Daftar Isi Biografi Habib Ali bin Abdurrahman As-Segaf
1. Riwayat Hidup dan Keluarga
1.1 Lahir
1.2 Riwayat Keluarga
1.3 Nasab
1.4 Wafat
2. Sanad Ilmu dan Pendidikan
2.1 Guru-guru
3. Penerus Beliau
3.1 Murid-murid Beliau
4. Perjalanan Hidup dan Dakwah
5. Referensi
1. Riwayat Hidup dan Keluarga
1.1 Lahir
Habib Ali bin Abdurahman As-Segaf adalah putra kedua dari pasangan Habib Abdurrahman bin Ahmad Assegaf (Sayyidil Walid) dan Hj. Barkah binti Ahmad Fusyani. Lahir pada Ahad, 22 April 1945 bertepatan dengan 10 Jumadil Awwal 1364 Hijriah di Bukit Duri, Jakarta.
1.2 Riwayat Keluarga
Habib Ali bin Abdurahman As-Segaf menikah dengan Syarifah Tuffahah binti Abdullah Al-Haddad, dari pernikahan tersebut beliau dikaruniai tujuh orang anak, yaitu:
- Syarifah Zahro
- Habib Ahmad pimpinan Majlis An-Nurul Kasysyaf
- Habib Muhammad
- Syarifah Zainab
- Habib Alwi
- Syarifah Aisyah
- Habib Toha
1.3 Nasab
Habib Ali bin Abdurahman As-Segaf masih keturunan dari Nabi Muhammad Rasulullah SAW. Dengan urutan silsilah sebagai berikut :
- Nabi Muhammad Rasulullah SAW
- Sayyidah Fatimah Az-Zahra Istri Sayyidina Ali bin Abi Thalib
- Al- Imam Husein
- Al-Imam Ali Zainal Abidin
- Al-Imam Muhammad Al-Baqir
- Al-Imam Ja’far Shodiq
- Al-Imam Ali Uraidhy
- Al-Imam Muhammad An-Naqib
- Al-Imam Isa Ar-Rumi
- Al-Imam Ahmad Al-Muhajir
- Sayyid Abdullah atau Ubaidillah
- Sayyid Alwi Alawiyyin
- Sayyid Muhammad
- Sayyid Alwi
- Sayyid Ali Khala’ Ghasam
- Sayyid Muhammad Shahib Marbad
- Sayyid Ali
- Sayyid Muhammad Al-Fagih Mugaddam
- Sayyid Alwi Al-Ghuyur
- Sayyid Ali Shahibud Dark
- Sayyid Muhammad Mauladdawilah
- Sayyid Abdurrahman As-Segaf
- Sayyid Ali
- Sayyid Muhammad
- Sayyid Abdurrahman
- Sayyid Umar Ash-Shofi
- Sayyid Thoha
- Sayyid Umar
- Sayyid Thoha
- Sayyid Umar
- Sayyid Muhammad
- Sayyid Assegaf
- Sayyid Umar
- Sayyid Ali
- Sayyid Abdul Qadir
- Sayyid Ahmad
- Sayyid Abdurrahman
- Sayyid Ali
1.4 Wafat
Habib Habib Ali bin Abdurahman As-Segaf wafat di rumah sakit Purwakarta, Jawa Barat, Jumat tanggal 15 Januari 2021 sore. Jenasah beliau kemudian diberangkatkan ke kediamannya di Tebet, Jakarta Selatan. Jenazah dimakamkan di komplek pemakaman Habib Kuncung, Rawajati, Pancoran, Jakarta Selatan, Sabtu 16 Januari 2021.

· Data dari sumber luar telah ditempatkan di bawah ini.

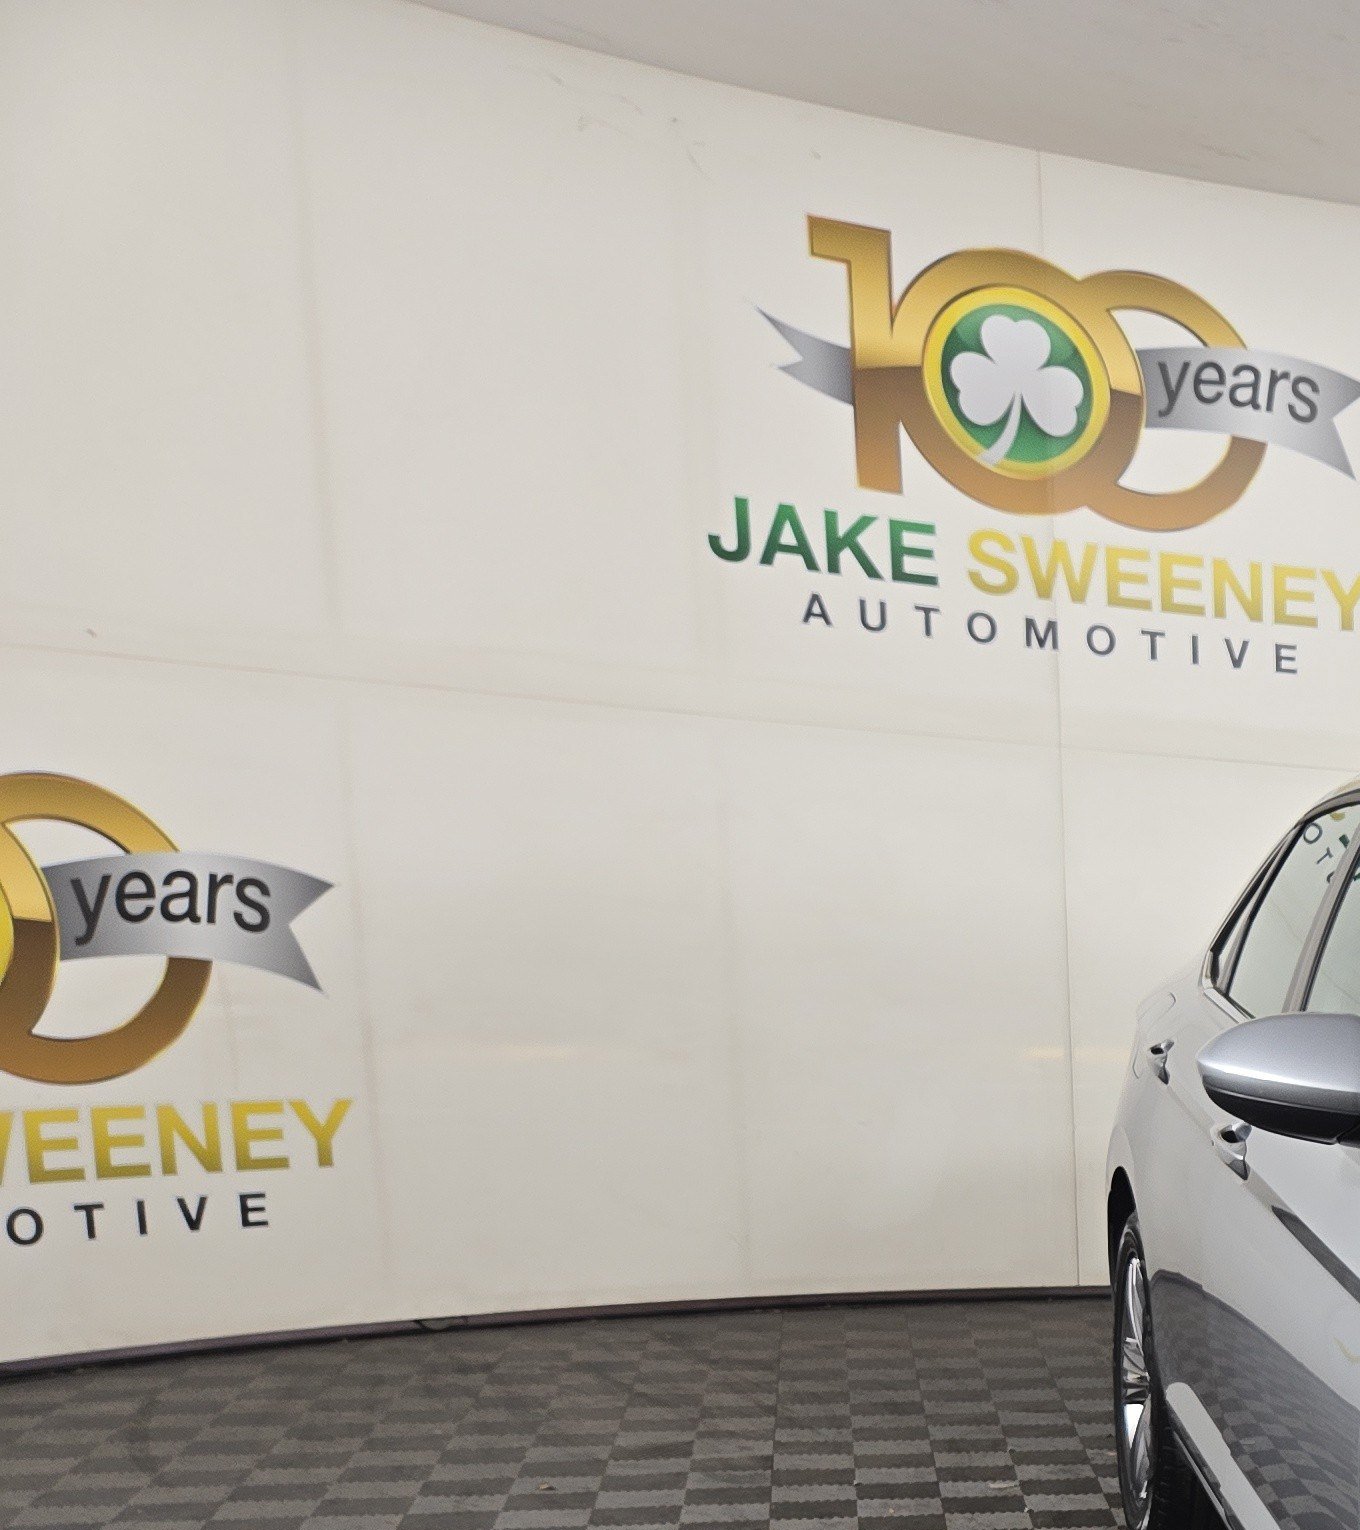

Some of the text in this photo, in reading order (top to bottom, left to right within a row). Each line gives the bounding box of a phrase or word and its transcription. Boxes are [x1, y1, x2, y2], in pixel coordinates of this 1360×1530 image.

[806, 212, 1268, 533] 100
[1157, 359, 1321, 424] years
[708, 496, 940, 587] JAKE
[802, 593, 1299, 675] AUTOMOTIVE
[69, 867, 271, 946] years
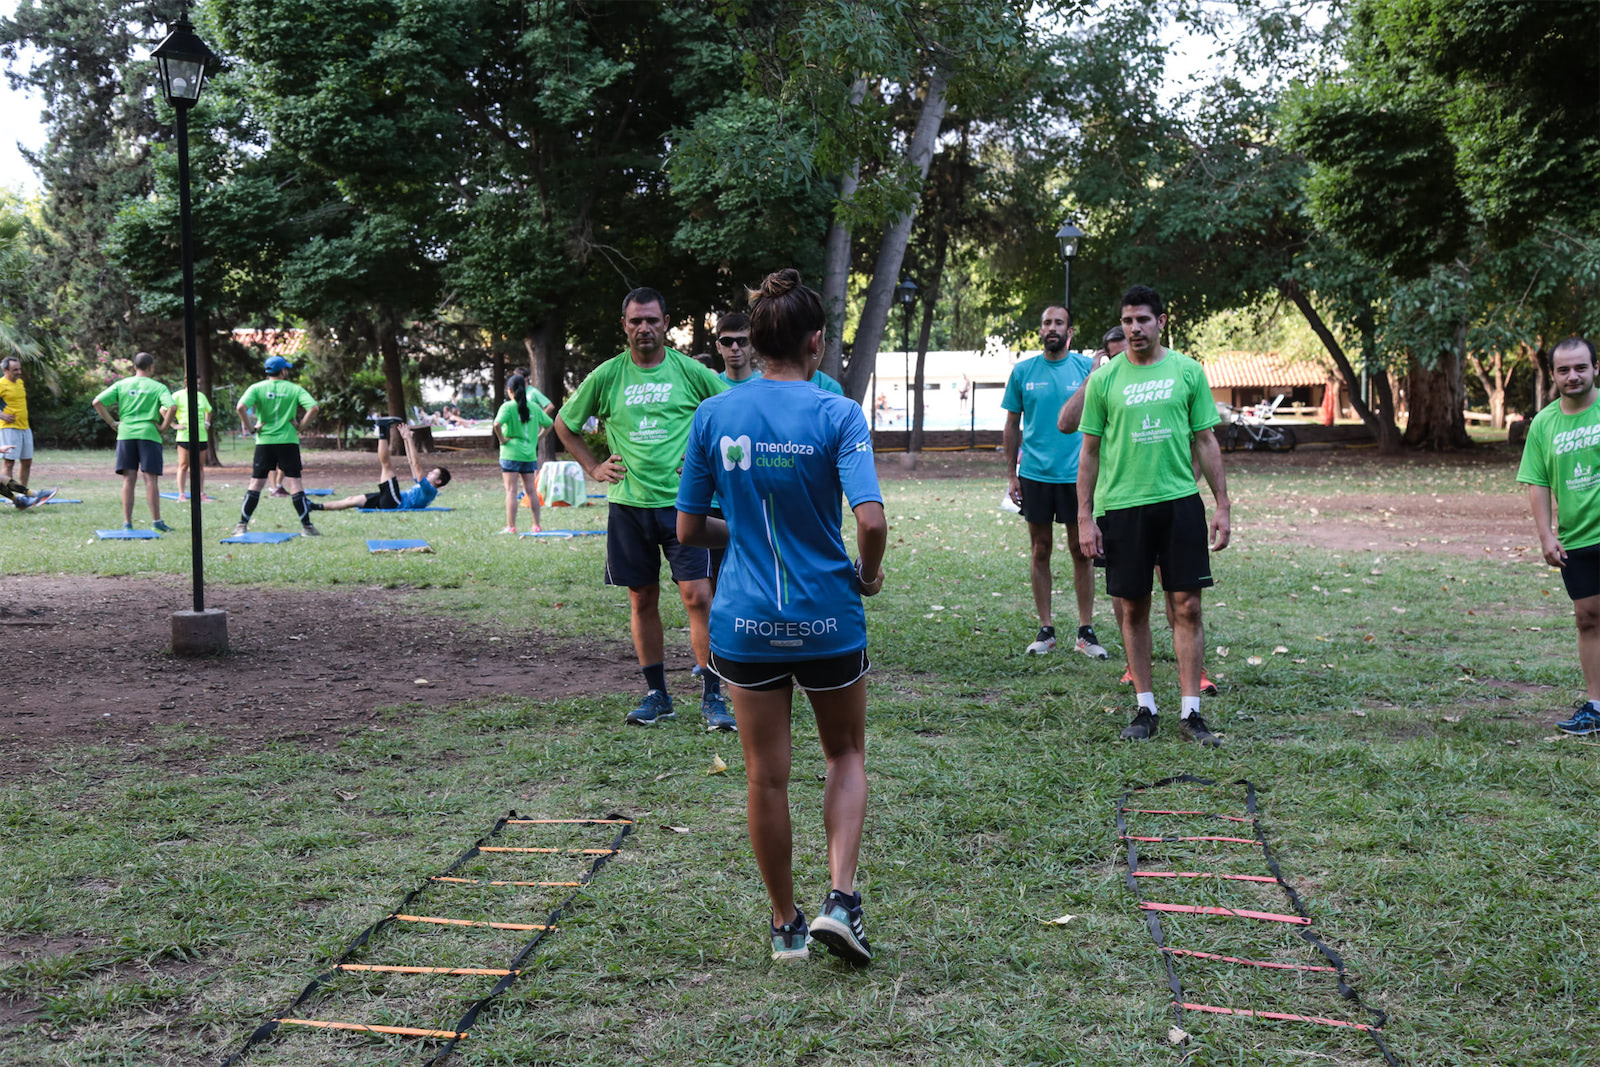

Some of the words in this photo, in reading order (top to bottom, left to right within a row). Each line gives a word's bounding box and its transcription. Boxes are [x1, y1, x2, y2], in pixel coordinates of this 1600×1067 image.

[624, 383, 673, 396] CIUDAD
[1123, 379, 1175, 395] CIUDAD
[625, 392, 671, 406] CORRE
[1125, 388, 1173, 406] CORRE
[1554, 424, 1600, 445] CIUDAD
[756, 440, 814, 455] mendoza
[1556, 434, 1600, 455] CORRE
[756, 454, 794, 468] ciudad
[734, 617, 838, 636] PROFESOR

2. Sanad Ilmu dan Pendidikan
Habib Ali bin Abdurahman As-Segaf memulai pendidikannya di bawah bimbingan Sang Ayah, Habib Abdurrahman bin Ahmad As-Segaf, di Madrasah Tsaqafah Islamiyah, Bukit Duri, kemudian sebagaimana pesan Sang Ayah, Habib Muhammad belajar ke berbagai ulama besar di zamannya.
Pendidikan yang diberikan Habib Abdurrahman bin Ahmad As-Segaf kepada Sayyid Ali, mengikuti jejak para ulama Salafuna Salihin. Jelas, teliti, dan tegas, karakter pengajarannya. Hal tersebut diiringi dengan kesungguhannya Habib Ali bin Abdurahman As-Segaf untuk menggapai ilmu-ilmu yang diajarkan oleh ayahandanya. Sehingga potensi mengajarnya mulai terlihat tatkala ayahanda beliau mengalami gangguan pada penglihatan, Habib Ali bin Abdurahman As-Segaf langsung ditunjuk untuk menggantikan beberapa kali mengajar di Madrasah Tsaqofah Islamiyah (Madrasah milik ayahandanya). Saat itu Habib Ali bin Abdurahman As-Segaf baru berusia 12 tahun.
Hausnya akan ilmu menjadi tekad dan semangat Habib Ali bin Abdurahman As-Segaf untuk belajar kepada para habaib, mualim, dan ulama lainnya. Guru-guru beliau di antaranya, Habib Ali bin Abdurrahman Al-Habsyi (Sohibul Kwitang), Habib Ali bin Husein Al-Attas (Sohibul Bungur), Habib Salim bin Ahmad bin Jindan (Singa Podium), Habib Soleh bin Muksin Al-Hamid (Sohibul Tanggul), Habib Abdullah Syami Al-Attas, Habib Muhammad bin Ahmad Al-Haddad (Condet), Prof. Dr. KH Raden Abdullah bin Nuh (Bogor), dan Mualim Ahmad Junaidi (Menteng Atas). Selain itu beliau pernah bermukim selama empat puluh hari di kediaman Prof. DR. Sayyid Muhammad bin Alwi Al-Maliki (Mekkah).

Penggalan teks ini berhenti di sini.